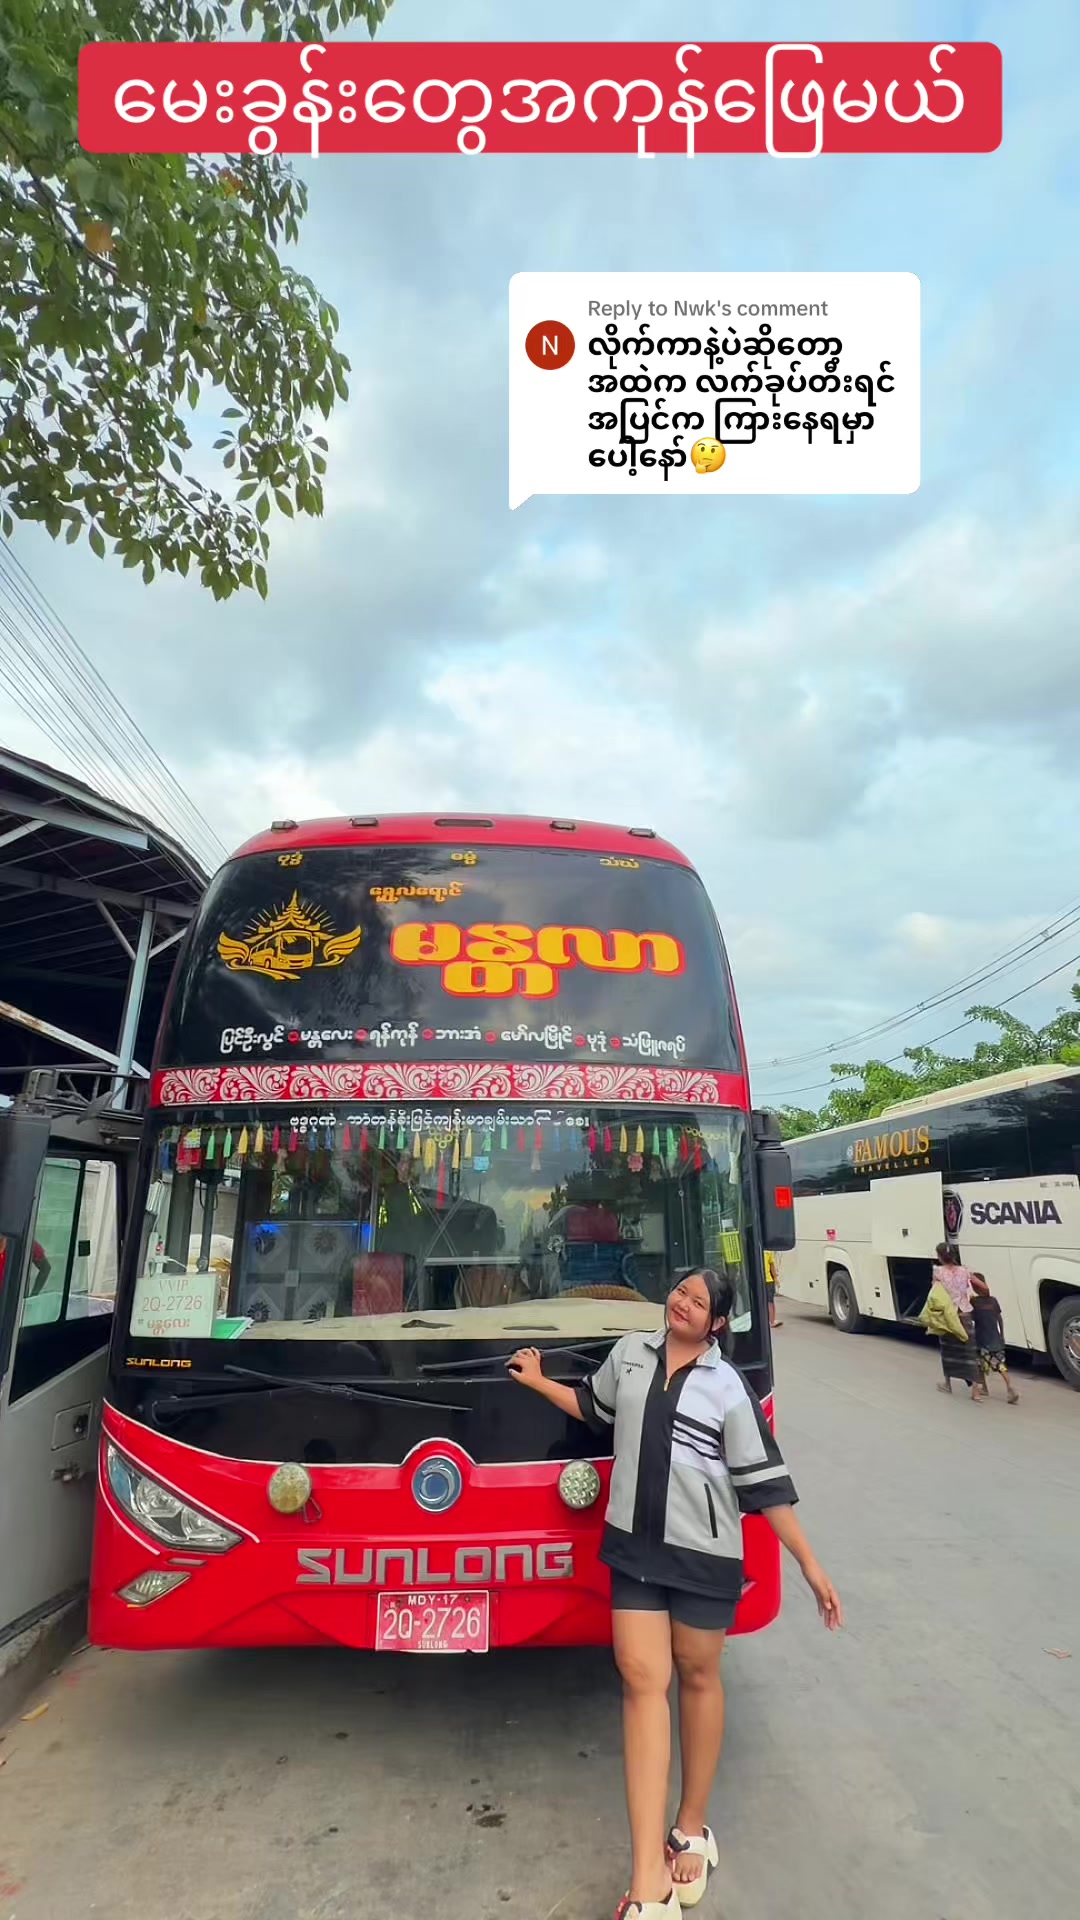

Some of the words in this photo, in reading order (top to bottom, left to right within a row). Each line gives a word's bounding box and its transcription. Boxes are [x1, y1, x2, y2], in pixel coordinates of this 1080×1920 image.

[369, 1021, 419, 1048] ရန်ကုန်
[854, 1125, 930, 1163] FAMOUS
[970, 1199, 1062, 1225] SCANIA
[143, 1295, 203, 1312] 2Q-2726
[126, 1357, 192, 1368] SUNLONG
[296, 1542, 574, 1585] SUNLONG
[408, 1594, 459, 1606] MDY-17
[383, 1606, 481, 1640] 2Q-2726

■ YOUR ASSIGNMENT:
Copy all the lines of data exactly as they appear, dropping any images.

■ ANSWER:
Some of the words in this photo, in reading order (top to bottom, left to right within a row). Each line gives a word's bounding box and its transcription. Boxes are [x1, y1, x2, y2], in pixel coordinates of this 1080×1920 image.

[369, 1021, 419, 1048] ရန်ကုန်
[854, 1125, 930, 1163] FAMOUS
[970, 1199, 1062, 1225] SCANIA
[143, 1295, 203, 1312] 2Q-2726
[126, 1357, 192, 1368] SUNLONG
[296, 1542, 574, 1585] SUNLONG
[408, 1594, 459, 1606] MDY-17
[383, 1606, 481, 1640] 2Q-2726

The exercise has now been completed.